Top of EXERCISE DATA

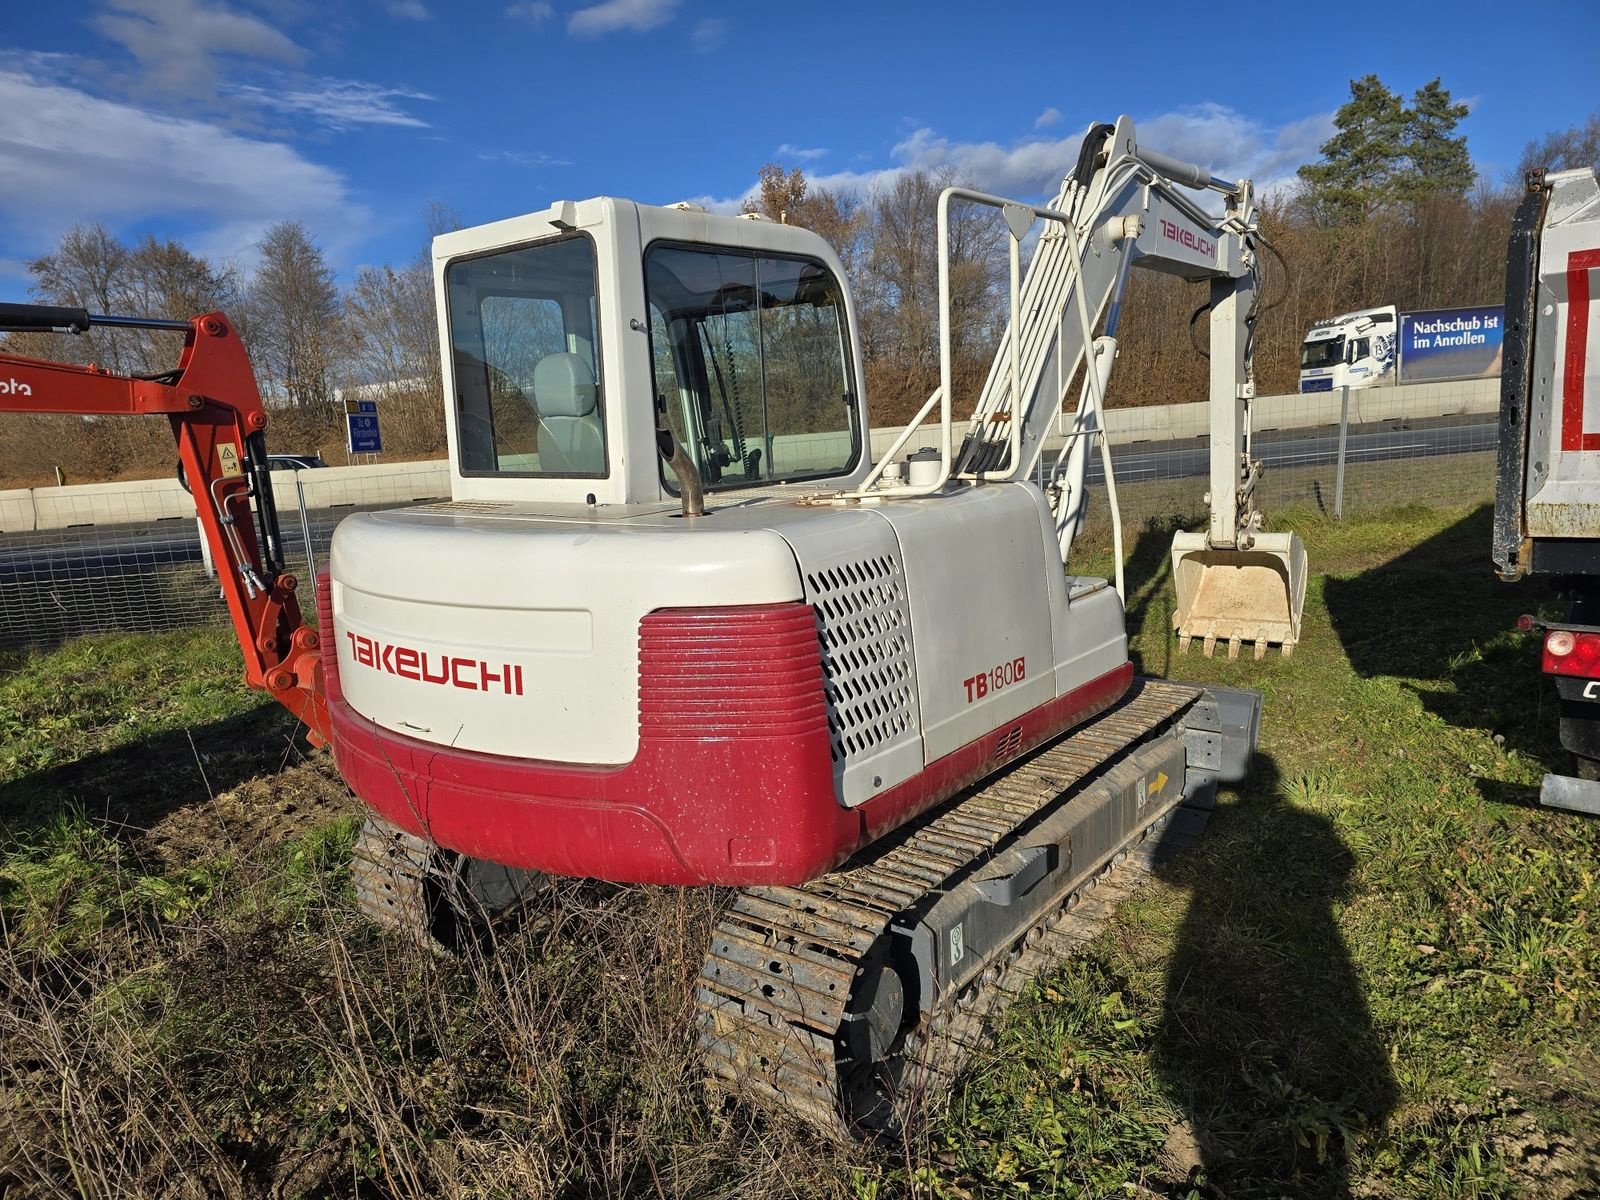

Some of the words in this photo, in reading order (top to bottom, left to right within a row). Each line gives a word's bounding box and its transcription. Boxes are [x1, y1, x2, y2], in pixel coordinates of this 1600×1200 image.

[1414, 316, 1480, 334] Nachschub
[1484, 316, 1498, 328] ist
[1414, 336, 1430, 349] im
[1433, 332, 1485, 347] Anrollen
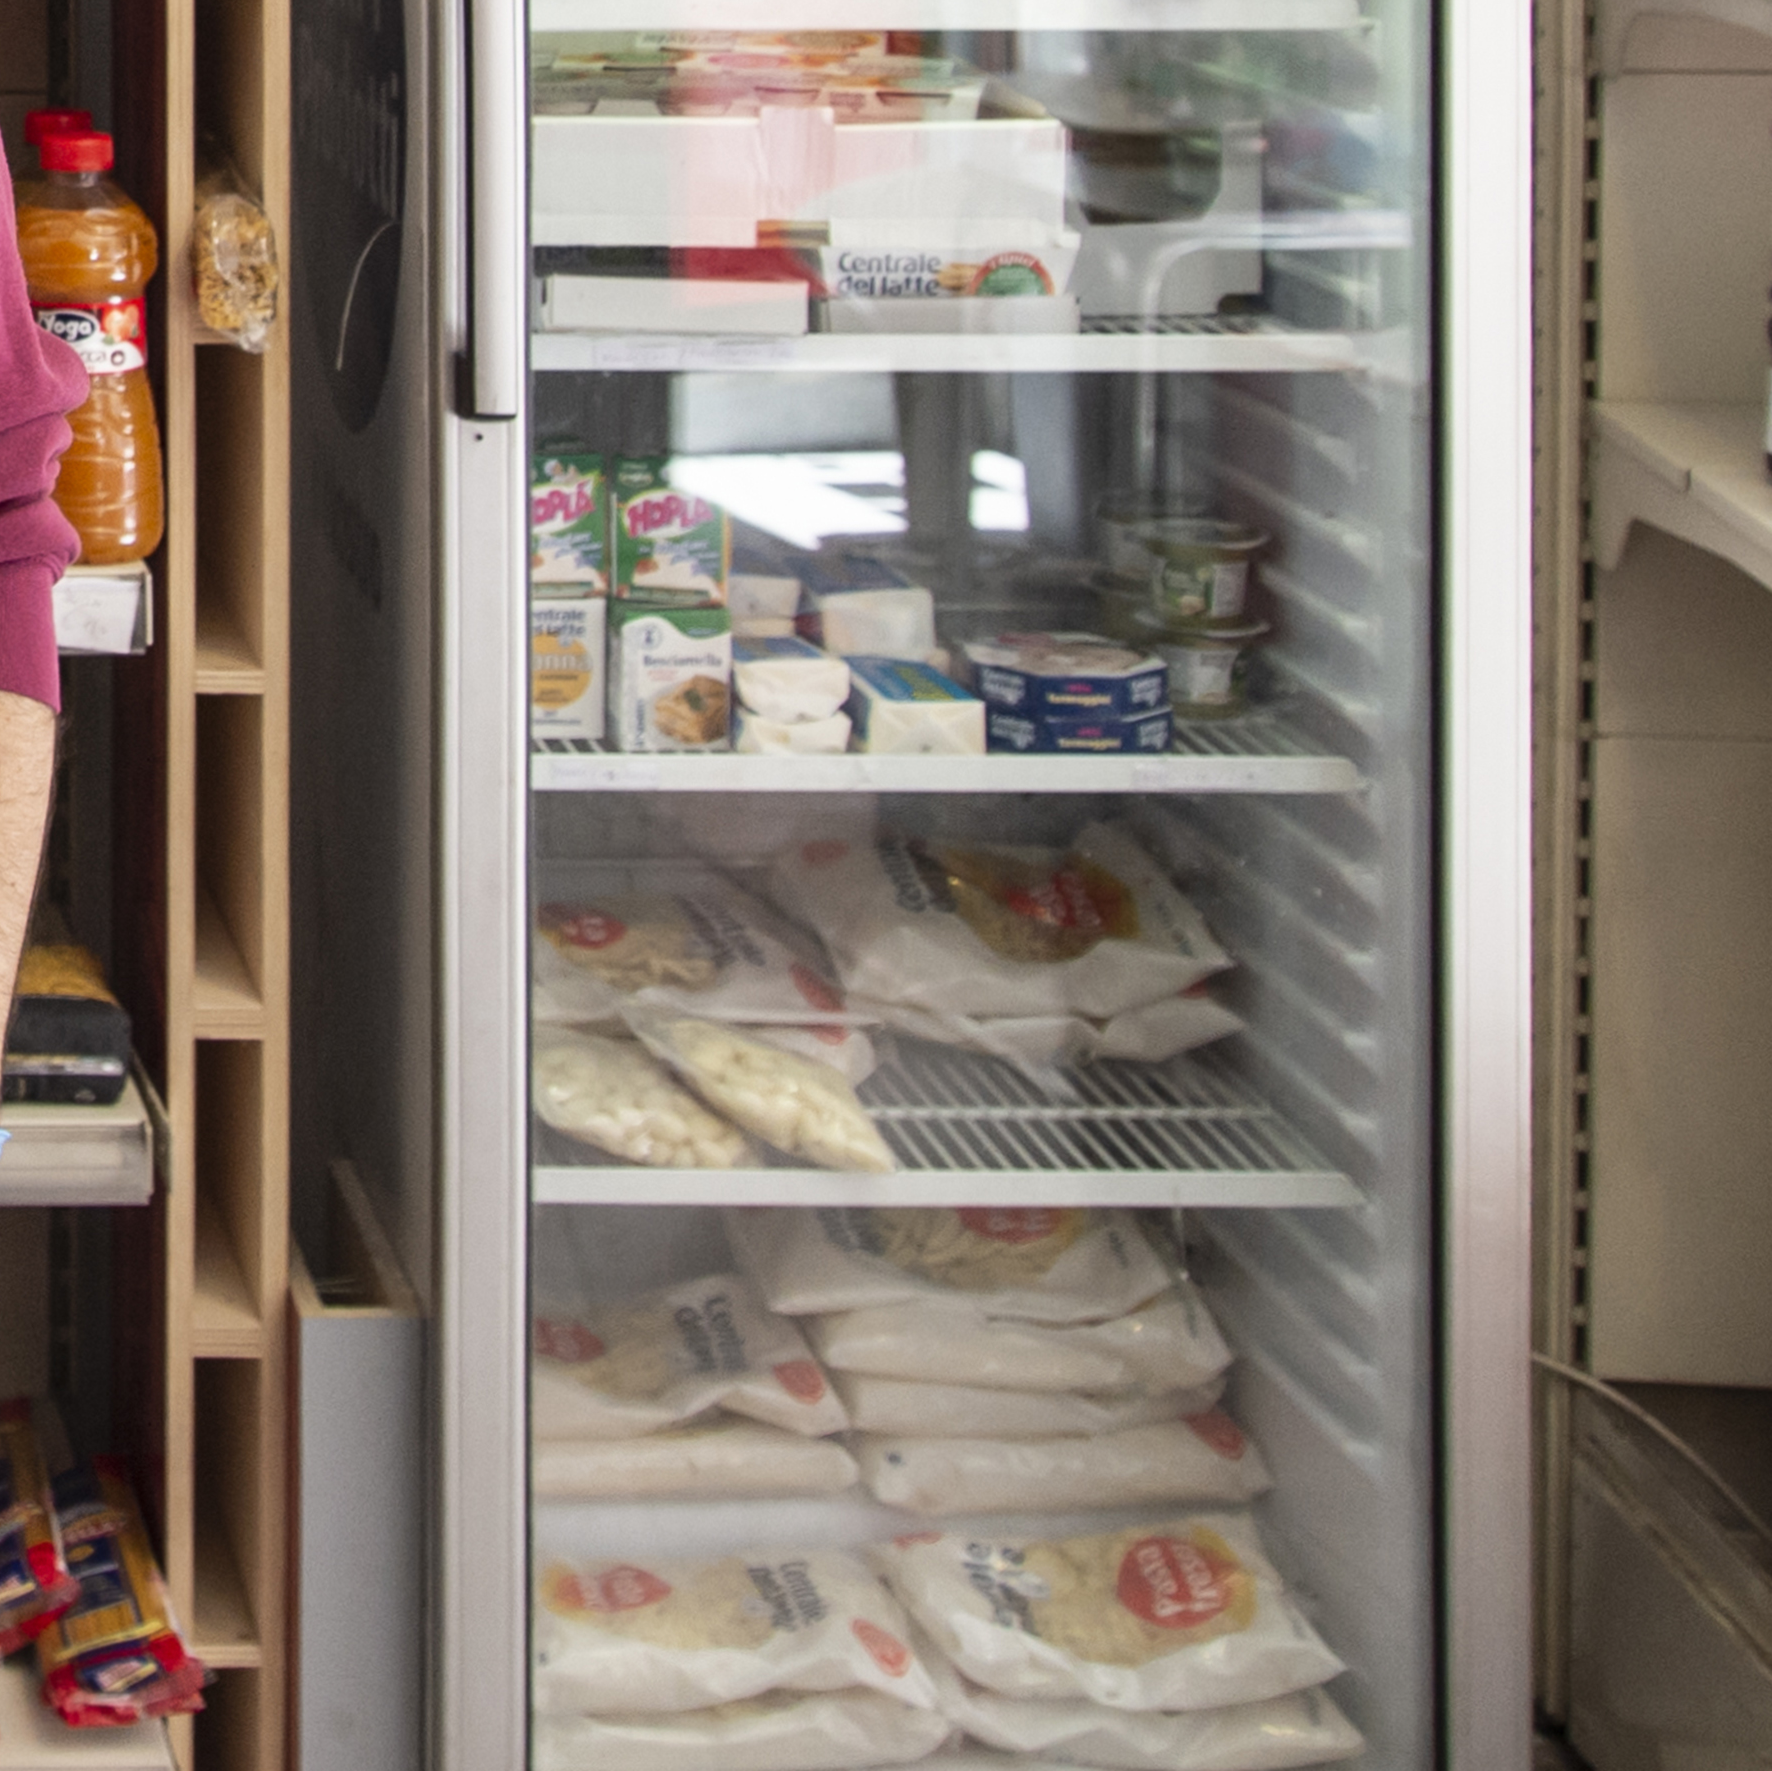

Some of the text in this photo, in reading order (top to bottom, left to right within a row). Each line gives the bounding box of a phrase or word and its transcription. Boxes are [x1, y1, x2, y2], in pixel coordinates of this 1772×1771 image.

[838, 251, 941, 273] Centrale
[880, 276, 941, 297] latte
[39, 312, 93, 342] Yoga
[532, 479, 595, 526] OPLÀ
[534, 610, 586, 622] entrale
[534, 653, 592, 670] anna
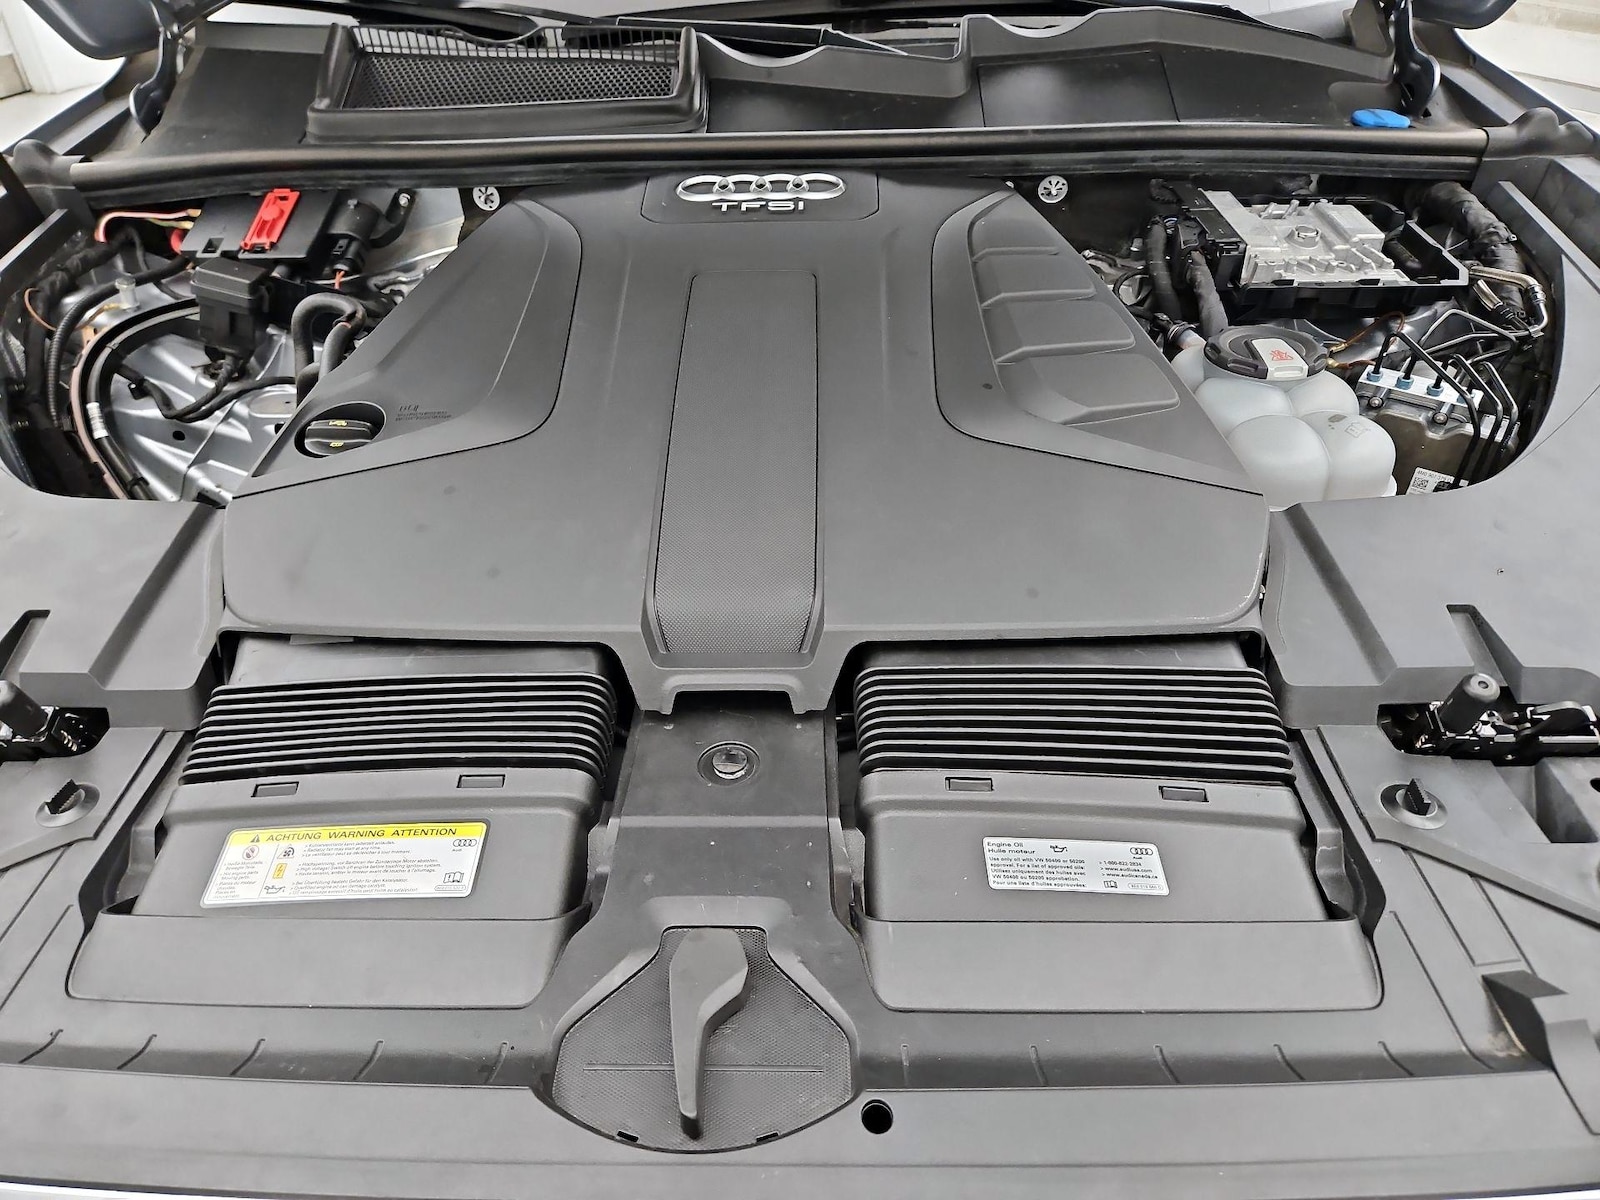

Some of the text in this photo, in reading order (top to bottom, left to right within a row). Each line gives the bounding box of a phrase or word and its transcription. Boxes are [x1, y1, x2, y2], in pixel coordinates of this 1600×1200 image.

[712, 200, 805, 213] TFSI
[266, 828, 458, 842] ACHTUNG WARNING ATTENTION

Bottom of EXERCISE DATA

[WHAT IS REQUIRED] The entries above are to be repeated in full, except for their pictures.

[EXERCISE RESULT]
Some of the words in this photo, in reading order (top to bottom, left to right within a row). Each line gives a word's bounding box and its transcription. Boxes are [x1, y1, x2, y2], in pixel coordinates of this 1600×1200 image.

[1414, 316, 1480, 334] Nachschub
[1484, 316, 1498, 328] ist
[1414, 336, 1430, 349] im
[1433, 332, 1485, 347] Anrollen

Some of the text in this photo, in reading order (top to bottom, left to right within a row). Each line gives the bounding box of a phrase or word and its transcription. Boxes are [x1, y1, x2, y2], in pixel coordinates of this 1772×1771 image.

[838, 251, 941, 273] Centrale
[880, 276, 941, 297] latte
[39, 312, 93, 342] Yoga
[532, 479, 595, 526] OPLÀ
[534, 610, 586, 622] entrale
[534, 653, 592, 670] anna

Some of the text in this photo, in reading order (top to bottom, left to right within a row). Each line gives the bounding box of a phrase or word and its transcription. Boxes are [x1, y1, x2, y2], in pixel coordinates of this 1600×1200 image.

[712, 200, 805, 213] TFSI
[266, 828, 458, 842] ACHTUNG WARNING ATTENTION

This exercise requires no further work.